Items listed in a dataset:

■ ■ ■ ■

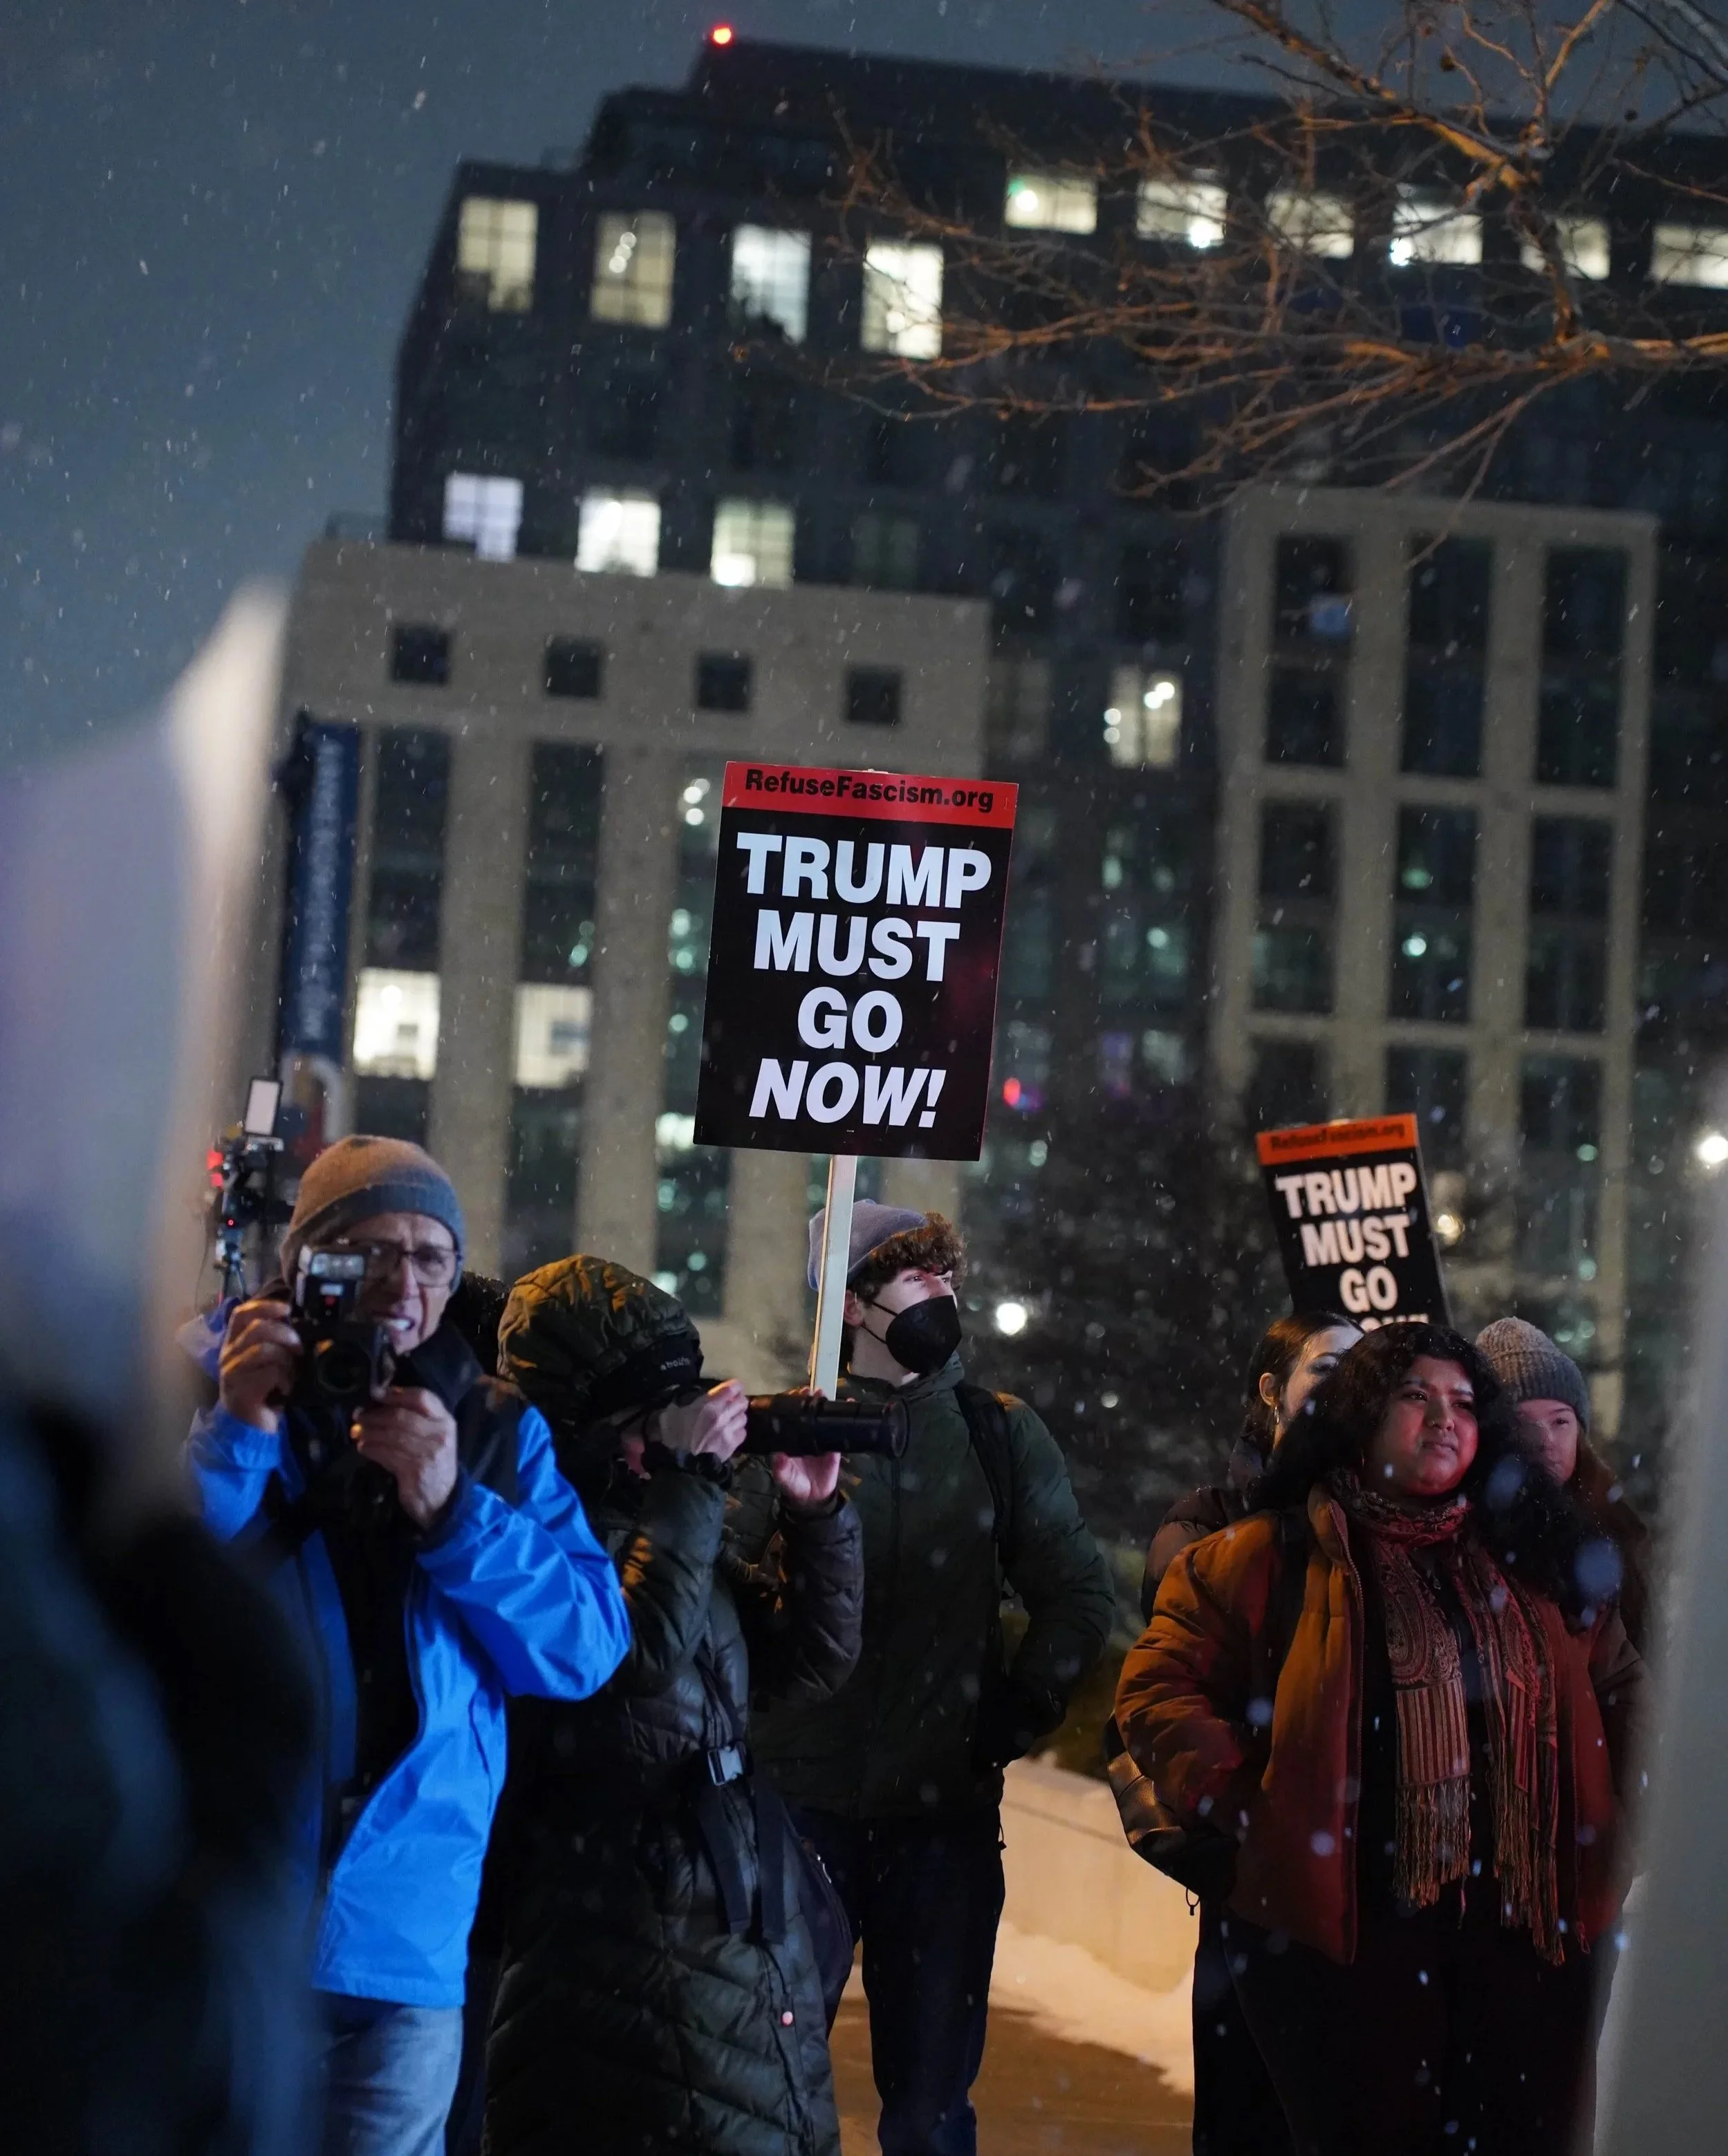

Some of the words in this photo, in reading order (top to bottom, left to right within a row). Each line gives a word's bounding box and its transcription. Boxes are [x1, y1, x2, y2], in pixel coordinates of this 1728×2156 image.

[745, 769, 994, 813] RefuseFascism.org
[736, 832, 992, 909] TRUMP
[754, 909, 960, 982] MUST
[797, 986, 903, 1053] GO
[748, 1058, 947, 1128] NOW!
[1274, 1162, 1417, 1218] TRUMP
[1300, 1214, 1410, 1267] MUST
[1339, 1265, 1398, 1313] GO
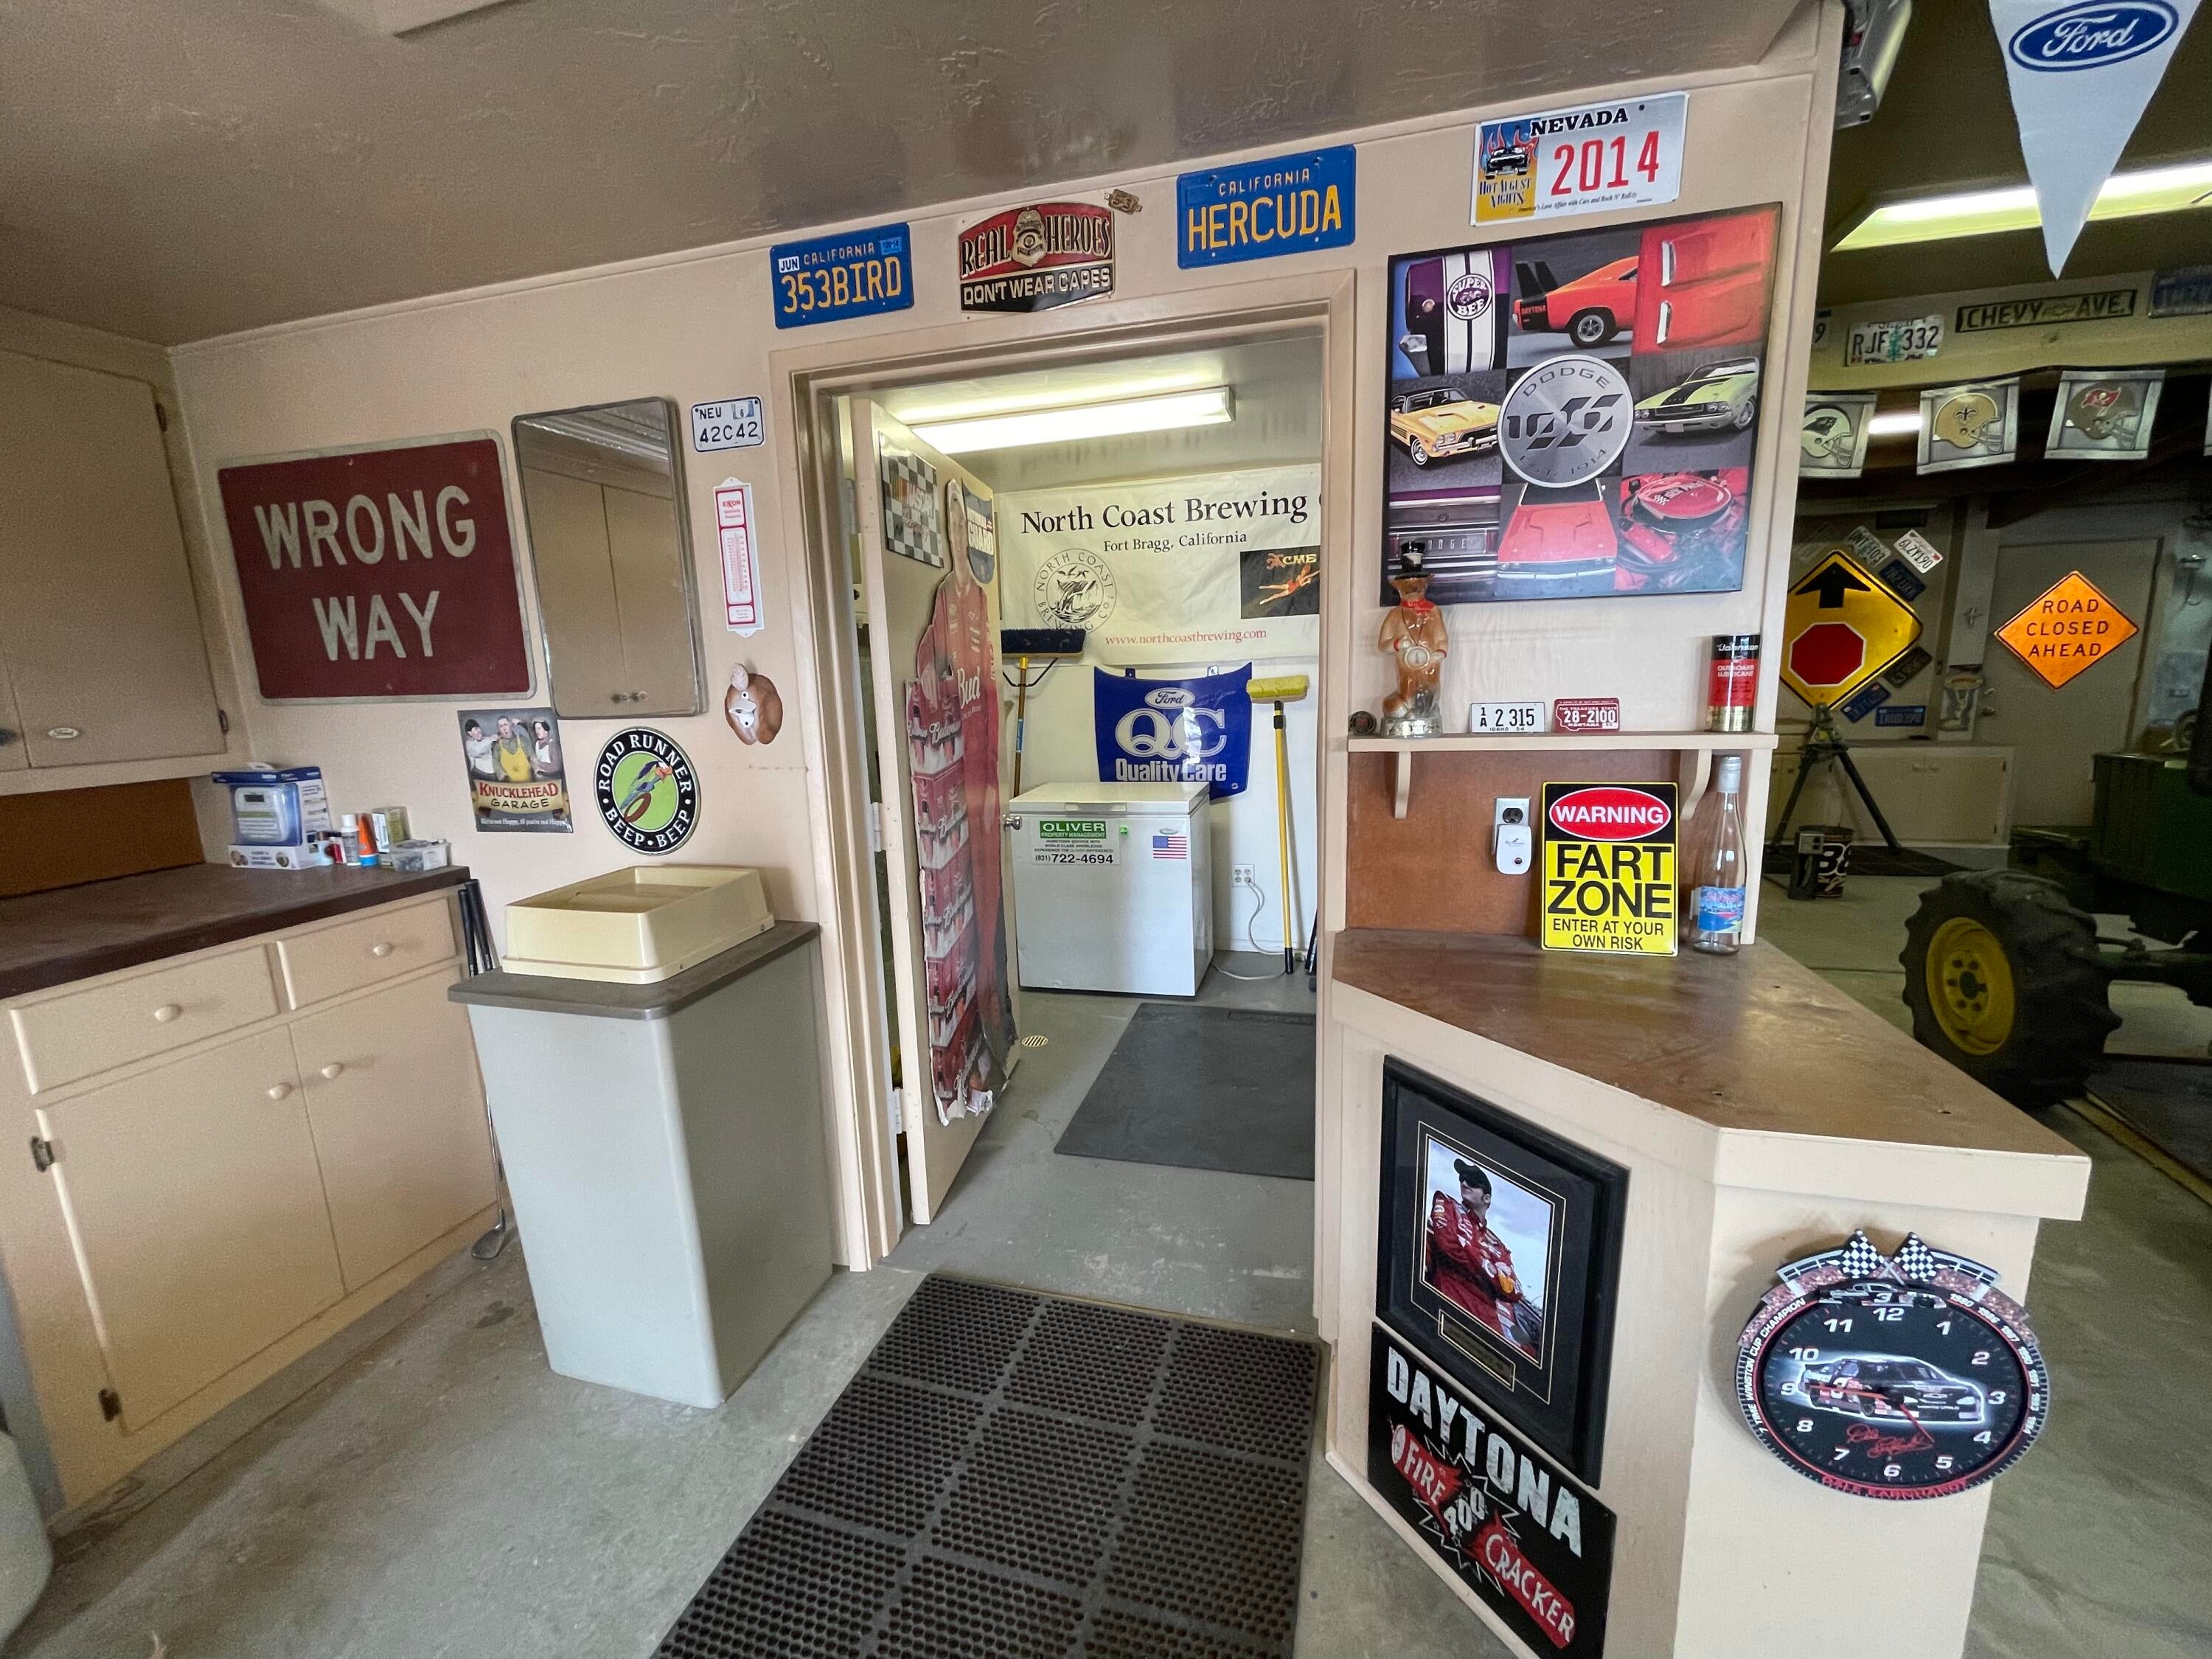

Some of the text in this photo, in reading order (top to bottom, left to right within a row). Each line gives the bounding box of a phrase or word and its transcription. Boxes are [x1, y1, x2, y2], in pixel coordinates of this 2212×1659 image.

[2042, 14, 2135, 58] Ford
[1531, 108, 1628, 136] NEVADA
[1551, 130, 1659, 196] 2014
[1218, 167, 1311, 197] CALIFORNIA
[1189, 184, 1340, 251] HERCUDA
[779, 257, 799, 273] JUN
[803, 242, 875, 266] CALIFORNIA
[961, 214, 1113, 279] REAL HEROES
[781, 256, 902, 314] 353BIRD
[964, 266, 1111, 306] DON'T WEAR CAPES
[1452, 277, 1488, 302] SUPER
[1456, 298, 1485, 316] BEE
[1967, 300, 2044, 329] CHEVY
[1902, 326, 1939, 351] 332
[1523, 367, 1610, 397] DODGE
[700, 421, 759, 442] 42C42
[1571, 448, 1607, 474] 1914
[723, 500, 741, 508] EXXON
[1021, 505, 1094, 534] North
[1102, 501, 1176, 529] Coast
[1184, 490, 1309, 524] Brewing
[254, 484, 477, 571] WRONG
[1103, 531, 1247, 554] Fort Bragg, California
[1036, 552, 1114, 591] NORTH COAST
[1267, 553, 1317, 570] ACME
[1038, 601, 1093, 631] BREWG
[2042, 599, 2100, 614] ROAD
[313, 589, 440, 662] WAY
[1105, 628, 1267, 644] www.northcoastbrewing.com
[2026, 620, 2110, 637] CLOSED
[2028, 642, 2102, 658] AHEAD
[957, 666, 981, 710] Bud
[1155, 689, 1184, 706] Ford
[1480, 718, 1487, 727] A
[1481, 707, 1486, 716] 1
[1495, 709, 1534, 726] 2 315
[1564, 710, 1616, 723] 28-2100
[1115, 708, 1227, 760] QC
[598, 734, 692, 793] ROAD RUNNER
[1116, 758, 1227, 782] Quality Care
[479, 782, 558, 799] KNUCKLEHEAD
[490, 798, 549, 809] GARAGE
[1555, 806, 1664, 824] WARNING
[605, 807, 691, 848] BEEP BEEP
[1042, 823, 1105, 832] OLIVER
[1051, 854, 1113, 864] 722-4694
[1557, 844, 1672, 881] FART
[1548, 880, 1672, 918] ZONE
[1553, 918, 1664, 936] ENTER AT YOUR
[1572, 934, 1644, 950] OWN RISK
[1760, 1297, 1806, 1338] CHAMPION
[1872, 1307, 1905, 1321] 12
[1823, 1319, 1853, 1333] 11
[1936, 1321, 1951, 1335] 1
[1749, 1338, 1763, 1357] CUP
[1789, 1348, 1820, 1362] 10
[1971, 1352, 1990, 1365] 2
[1744, 1357, 1755, 1401] WINSTON
[1781, 1382, 1798, 1396] 9
[1988, 1391, 2006, 1405] 3
[1747, 1403, 1763, 1425] TIME
[1796, 1419, 1814, 1433] 8
[1973, 1430, 1992, 1444] 4
[1387, 1346, 1583, 1559] DAYTONA
[1834, 1448, 1850, 1461] 7
[1935, 1455, 1953, 1469] 5
[1402, 1444, 1446, 1506] FIRE
[1883, 1464, 1902, 1477] 6
[1443, 1485, 1486, 1536] 400
[1485, 1534, 1576, 1645] CRACKER

■ ■ ■ ■

EXERCISE REQUIREMENTS:
Retype the entries exactly, skipping every picture.

ANSWER SPACE:
Some of the words in this photo, in reading order (top to bottom, left to right within a row). Each line gives a word's bounding box and its transcription. Boxes are [x1, y1, x2, y2], in pixel coordinates of this 1728×2156 image.

[745, 769, 994, 813] RefuseFascism.org
[736, 832, 992, 909] TRUMP
[754, 909, 960, 982] MUST
[797, 986, 903, 1053] GO
[748, 1058, 947, 1128] NOW!
[1274, 1162, 1417, 1218] TRUMP
[1300, 1214, 1410, 1267] MUST
[1339, 1265, 1398, 1313] GO

Some of the text in this photo, in reading order (top to bottom, left to right within a row). Each line gives the bounding box of a phrase or word and its transcription. Boxes are [x1, y1, x2, y2], in pixel coordinates of this 2212×1659 image.

[2042, 14, 2135, 58] Ford
[1531, 108, 1628, 136] NEVADA
[1551, 130, 1659, 196] 2014
[1218, 167, 1311, 197] CALIFORNIA
[1189, 184, 1340, 251] HERCUDA
[779, 257, 799, 273] JUN
[803, 242, 875, 266] CALIFORNIA
[961, 214, 1113, 279] REAL HEROES
[781, 256, 902, 314] 353BIRD
[964, 266, 1111, 306] DON'T WEAR CAPES
[1452, 277, 1488, 302] SUPER
[1456, 298, 1485, 316] BEE
[1967, 300, 2044, 329] CHEVY
[1902, 326, 1939, 351] 332
[1523, 367, 1610, 397] DODGE
[700, 421, 759, 442] 42C42
[1571, 448, 1607, 474] 1914
[723, 500, 741, 508] EXXON
[1021, 505, 1094, 534] North
[1102, 501, 1176, 529] Coast
[1184, 490, 1309, 524] Brewing
[254, 484, 477, 571] WRONG
[1103, 531, 1247, 554] Fort Bragg, California
[1036, 552, 1114, 591] NORTH COAST
[1267, 553, 1317, 570] ACME
[1038, 601, 1093, 631] BREWG
[2042, 599, 2100, 614] ROAD
[313, 589, 440, 662] WAY
[1105, 628, 1267, 644] www.northcoastbrewing.com
[2026, 620, 2110, 637] CLOSED
[2028, 642, 2102, 658] AHEAD
[957, 666, 981, 710] Bud
[1155, 689, 1184, 706] Ford
[1480, 718, 1487, 727] A
[1481, 707, 1486, 716] 1
[1495, 709, 1534, 726] 2 315
[1564, 710, 1616, 723] 28-2100
[1115, 708, 1227, 760] QC
[598, 734, 692, 793] ROAD RUNNER
[1116, 758, 1227, 782] Quality Care
[479, 782, 558, 799] KNUCKLEHEAD
[490, 798, 549, 809] GARAGE
[1555, 806, 1664, 824] WARNING
[605, 807, 691, 848] BEEP BEEP
[1042, 823, 1105, 832] OLIVER
[1051, 854, 1113, 864] 722-4694
[1557, 844, 1672, 881] FART
[1548, 880, 1672, 918] ZONE
[1553, 918, 1664, 936] ENTER AT YOUR
[1572, 934, 1644, 950] OWN RISK
[1760, 1297, 1806, 1338] CHAMPION
[1872, 1307, 1905, 1321] 12
[1823, 1319, 1853, 1333] 11
[1936, 1321, 1951, 1335] 1
[1749, 1338, 1763, 1357] CUP
[1789, 1348, 1820, 1362] 10
[1971, 1352, 1990, 1365] 2
[1744, 1357, 1755, 1401] WINSTON
[1781, 1382, 1798, 1396] 9
[1988, 1391, 2006, 1405] 3
[1747, 1403, 1763, 1425] TIME
[1796, 1419, 1814, 1433] 8
[1973, 1430, 1992, 1444] 4
[1387, 1346, 1583, 1559] DAYTONA
[1834, 1448, 1850, 1461] 7
[1935, 1455, 1953, 1469] 5
[1402, 1444, 1446, 1506] FIRE
[1883, 1464, 1902, 1477] 6
[1443, 1485, 1486, 1536] 400
[1485, 1534, 1576, 1645] CRACKER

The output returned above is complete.